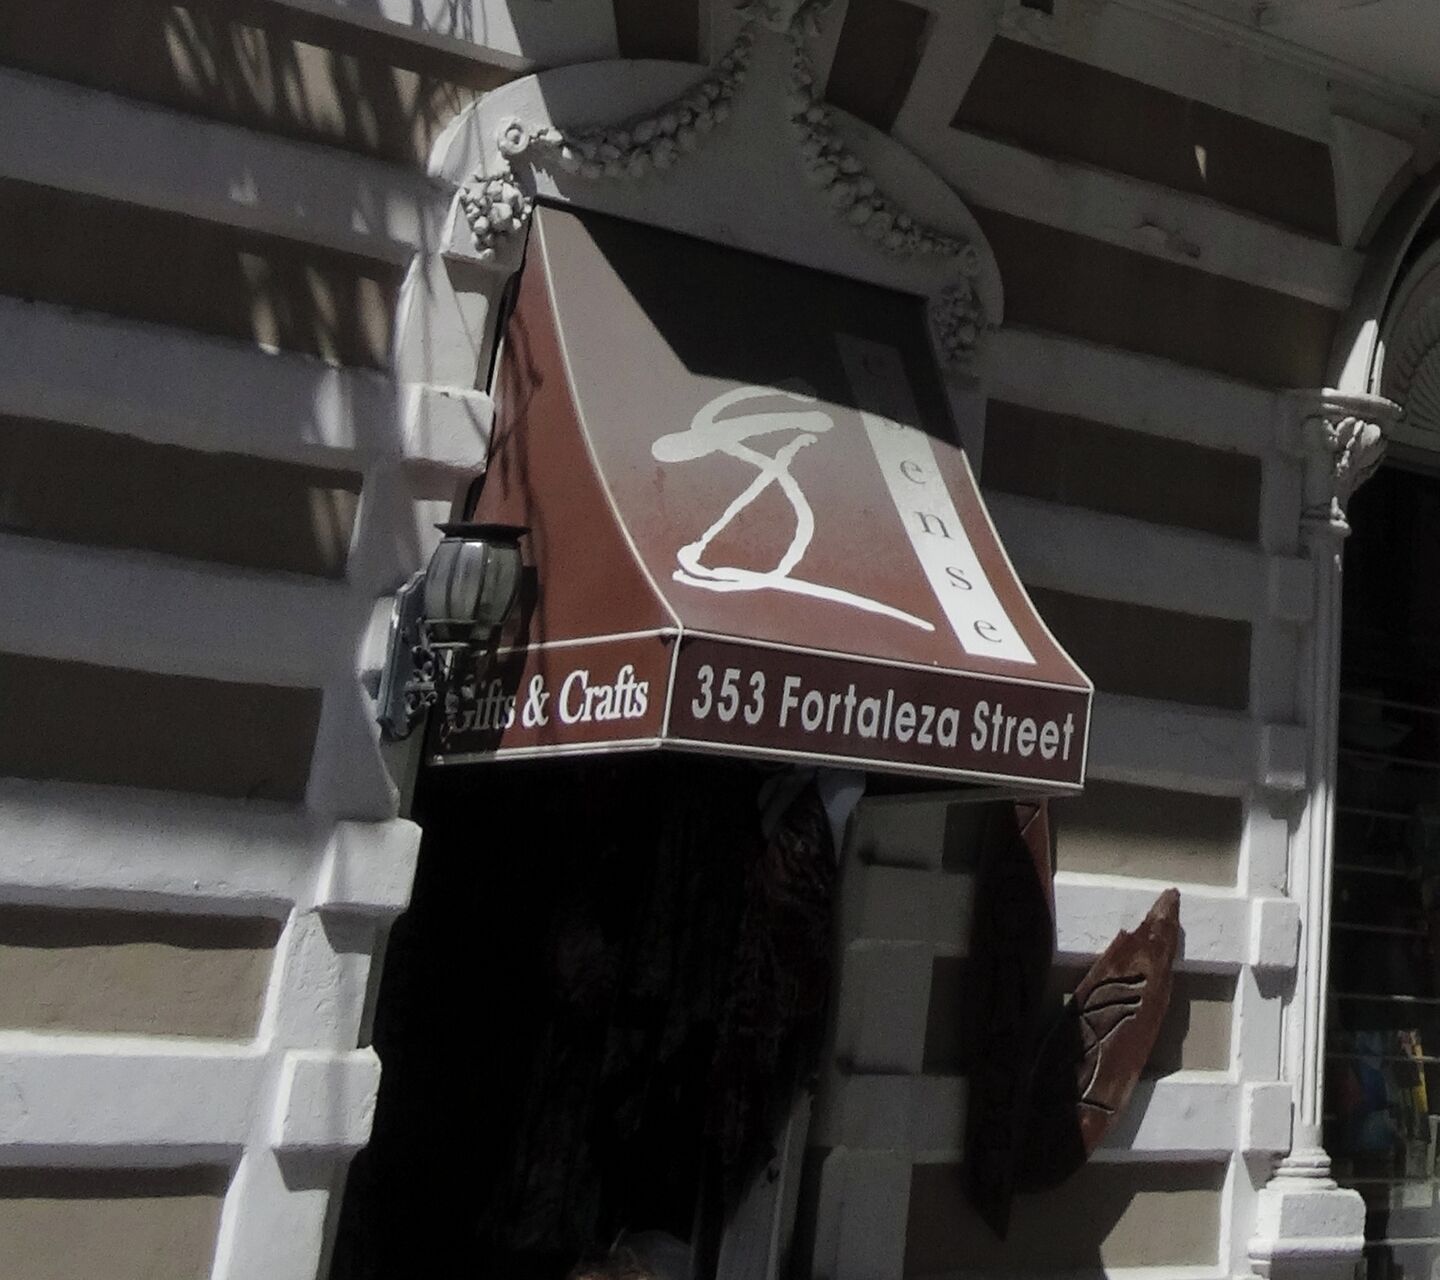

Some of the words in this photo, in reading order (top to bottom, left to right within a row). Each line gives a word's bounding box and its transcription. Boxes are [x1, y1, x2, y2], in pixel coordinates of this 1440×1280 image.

[522, 674, 549, 728] &
[559, 664, 649, 724] Crafts
[692, 664, 766, 725] 353
[779, 675, 960, 748] Fortaleza
[970, 700, 1075, 761] Street
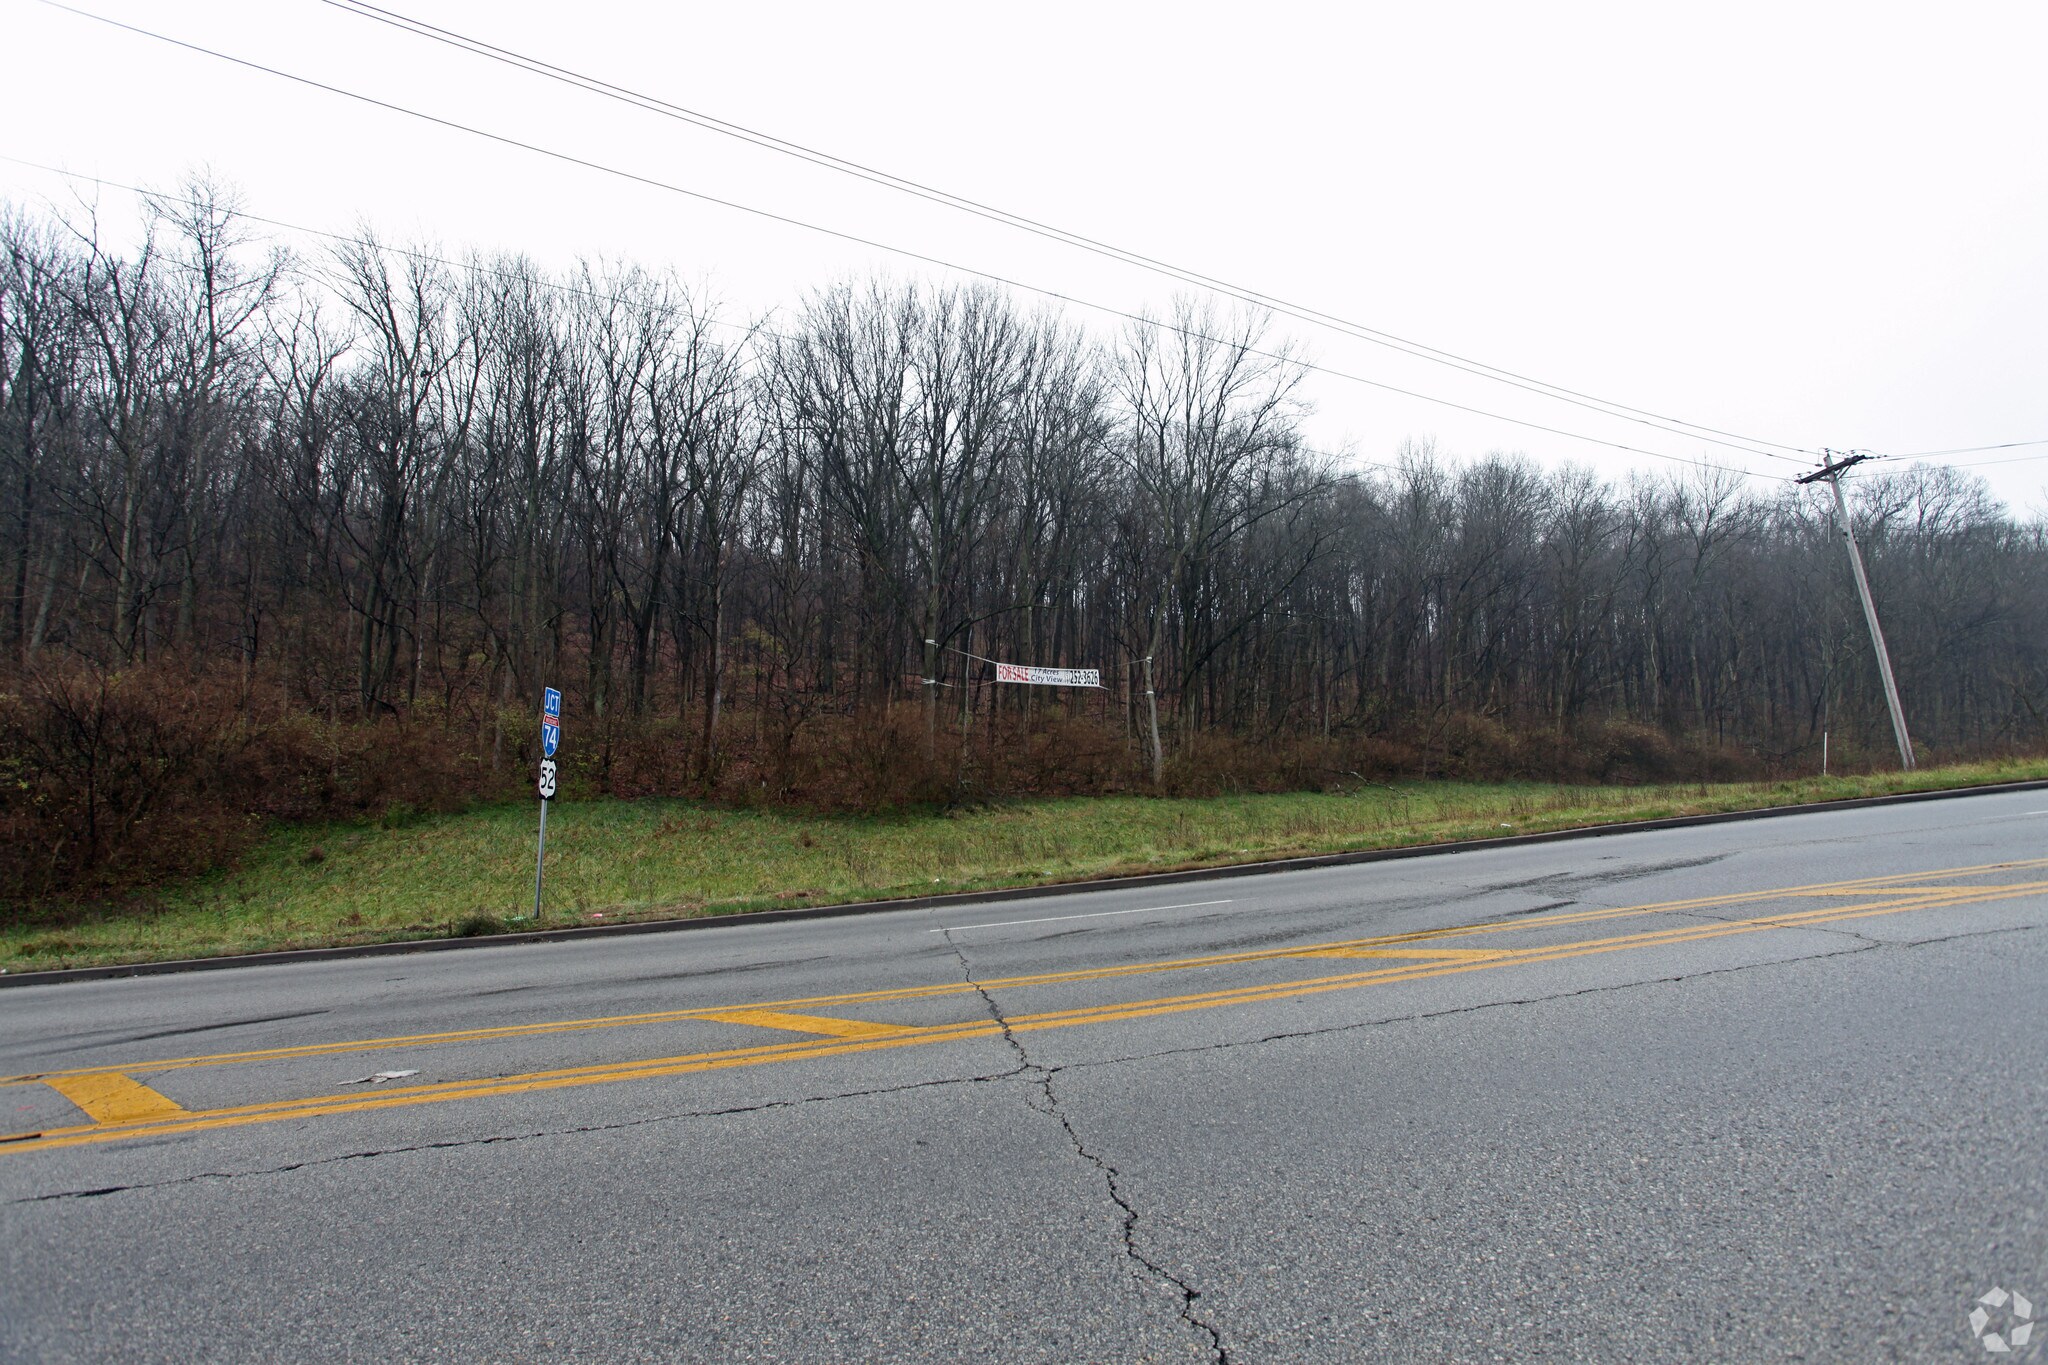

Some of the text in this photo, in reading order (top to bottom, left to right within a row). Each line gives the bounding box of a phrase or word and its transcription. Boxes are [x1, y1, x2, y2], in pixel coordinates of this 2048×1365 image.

[998, 665, 1029, 681] FOR SALE
[1031, 674, 1044, 683] City
[1046, 675, 1063, 683] View
[546, 693, 559, 712] JCT
[544, 725, 557, 749] 74
[541, 767, 554, 789] 52
☆ ☆ ☆ ☆ ☆
▸ **Task to complete**
Each entry should be output word for word, with no pictures carried over.

▸ **Task solution**
Some of the words in this photo, in reading order (top to bottom, left to right within a row). Each line gives a word's bounding box and its transcription. Boxes are [x1, y1, x2, y2], in pixel coordinates of this 1440×1280 image.

[522, 674, 549, 728] &
[559, 664, 649, 724] Crafts
[692, 664, 766, 725] 353
[779, 675, 960, 748] Fortaleza
[970, 700, 1075, 761] Street

Some of the text in this photo, in reading order (top to bottom, left to right within a row). Each line gives the bounding box of a phrase or word and its transcription. Boxes are [x1, y1, x2, y2], in pixel coordinates of this 2048×1365 image.

[998, 665, 1029, 681] FOR SALE
[1031, 674, 1044, 683] City
[1046, 675, 1063, 683] View
[546, 693, 559, 712] JCT
[544, 725, 557, 749] 74
[541, 767, 554, 789] 52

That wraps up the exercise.